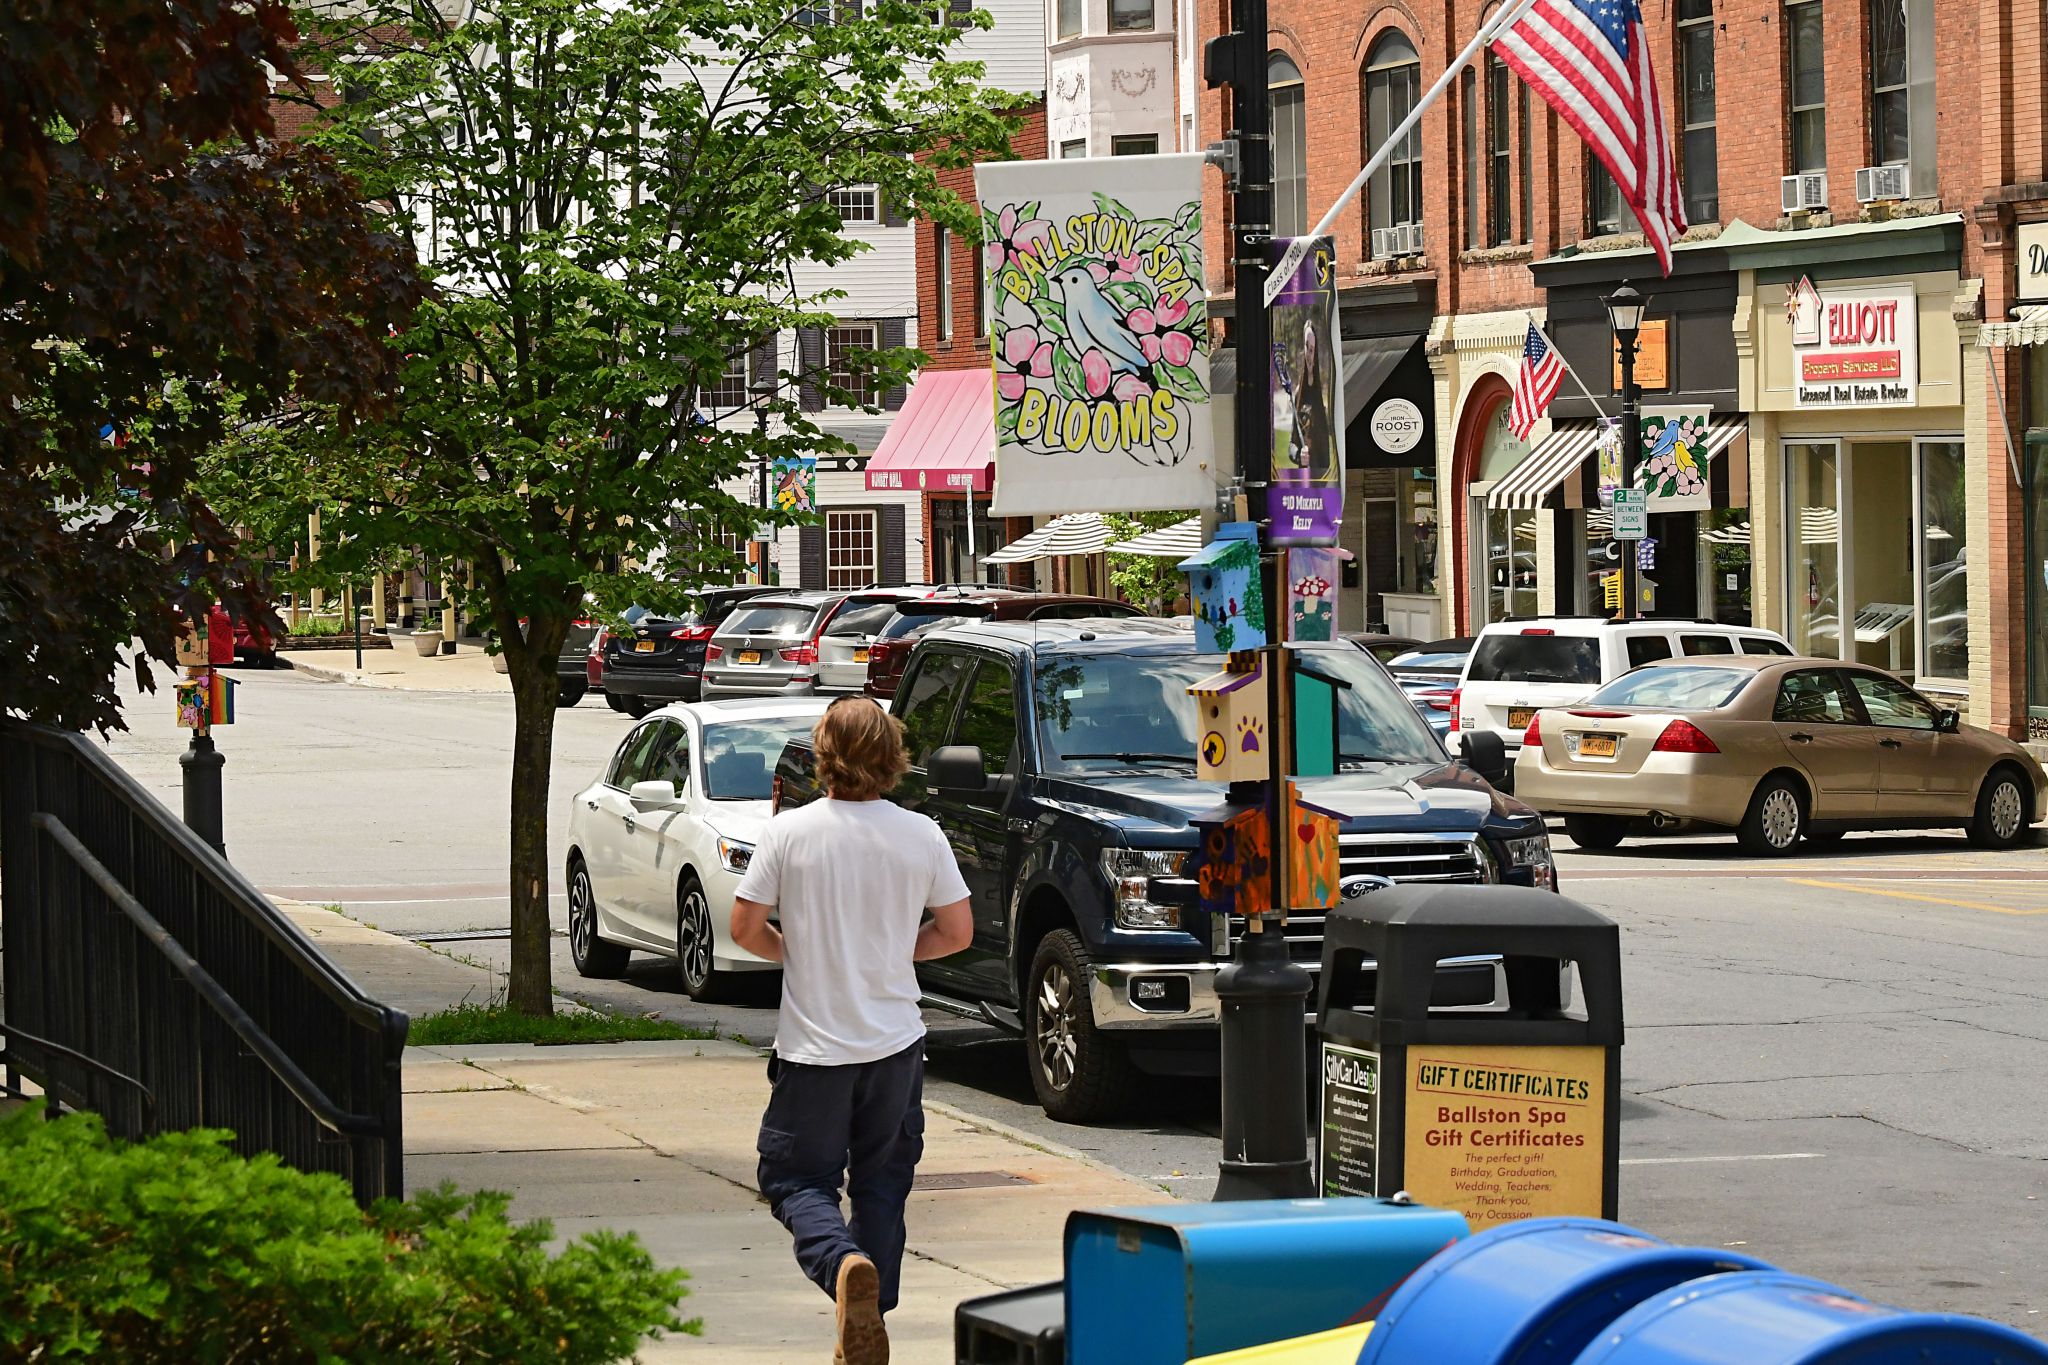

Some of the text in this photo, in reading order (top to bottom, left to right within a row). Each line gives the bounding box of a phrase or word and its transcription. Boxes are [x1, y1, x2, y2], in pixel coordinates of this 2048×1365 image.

[1001, 213, 1194, 309] BALLSTON SPA
[1267, 241, 1302, 296] Class of 2020
[1828, 300, 1898, 345] ELLIOTT
[1803, 356, 1897, 377] Property Services LLC
[1799, 382, 1908, 402] Licensed Real Estate Broker
[1016, 388, 1179, 454] BLOOMS
[1376, 421, 1420, 431] ROOST
[1617, 491, 1624, 501] 2
[1617, 505, 1644, 513] BETWEEN
[1622, 515, 1639, 523] SIGNS
[1353, 1061, 1377, 1094] Design
[1420, 1064, 1589, 1100] GIFT CERTIFICATES
[1437, 1106, 1566, 1127] Ballston Spa
[1425, 1129, 1585, 1147] Gift Certificates
[1465, 1153, 1544, 1165] The perfect gift!
[1450, 1167, 1557, 1179] Birthday, Graduation,
[1455, 1181, 1552, 1194] Wedding, Teachers,
[1475, 1195, 1531, 1208] Thank you,
[1464, 1210, 1533, 1221] Any Ocassion
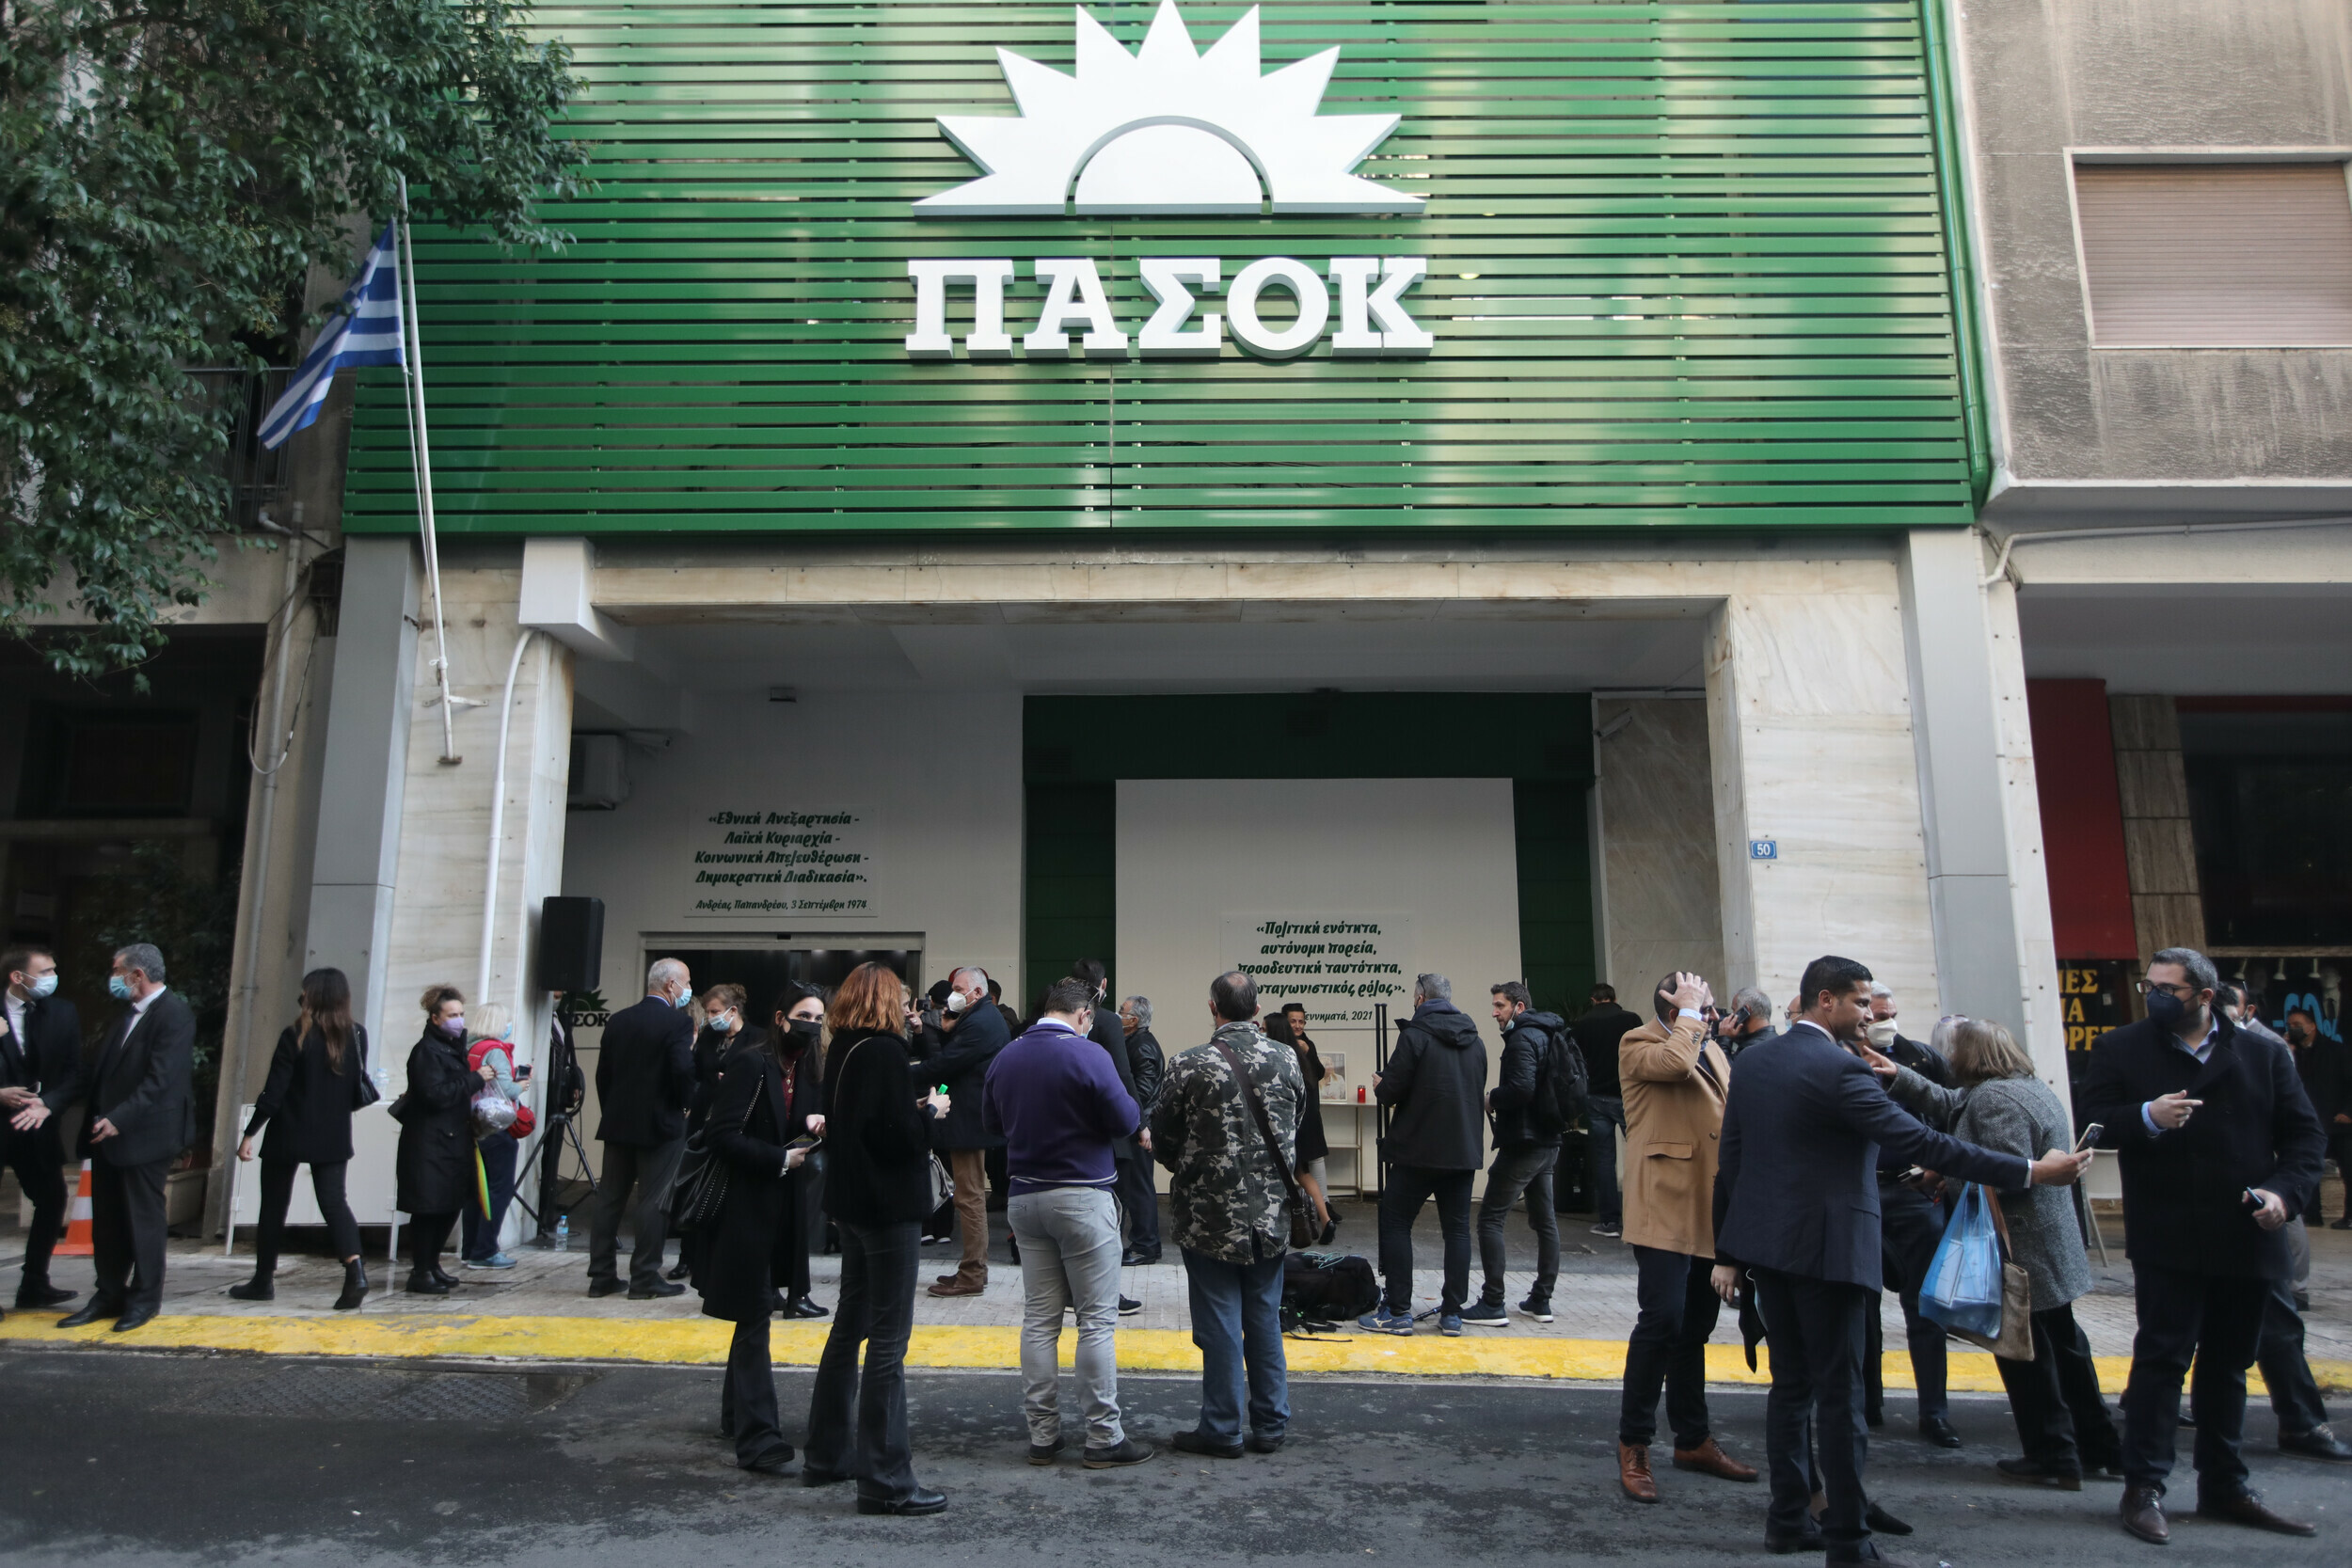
--
◆ **Prompt**
From the first record to the last, retype everything exactly except the images.

◆ **Problem solution**
Some of the text in this photo, in reading order (top to bottom, left to right within a row). Each line gives the bounding box of a phrase or word and its transcription. Boxes are [x1, y1, x2, y2], in pixel coordinates of this 2048×1365 image.

[1001, 213, 1194, 309] BALLSTON SPA
[1267, 241, 1302, 296] Class of 2020
[1828, 300, 1898, 345] ELLIOTT
[1803, 356, 1897, 377] Property Services LLC
[1799, 382, 1908, 402] Licensed Real Estate Broker
[1016, 388, 1179, 454] BLOOMS
[1376, 421, 1420, 431] ROOST
[1617, 491, 1624, 501] 2
[1617, 505, 1644, 513] BETWEEN
[1622, 515, 1639, 523] SIGNS
[1353, 1061, 1377, 1094] Design
[1420, 1064, 1589, 1100] GIFT CERTIFICATES
[1437, 1106, 1566, 1127] Ballston Spa
[1425, 1129, 1585, 1147] Gift Certificates
[1465, 1153, 1544, 1165] The perfect gift!
[1450, 1167, 1557, 1179] Birthday, Graduation,
[1455, 1181, 1552, 1194] Wedding, Teachers,
[1475, 1195, 1531, 1208] Thank you,
[1464, 1210, 1533, 1221] Any Ocassion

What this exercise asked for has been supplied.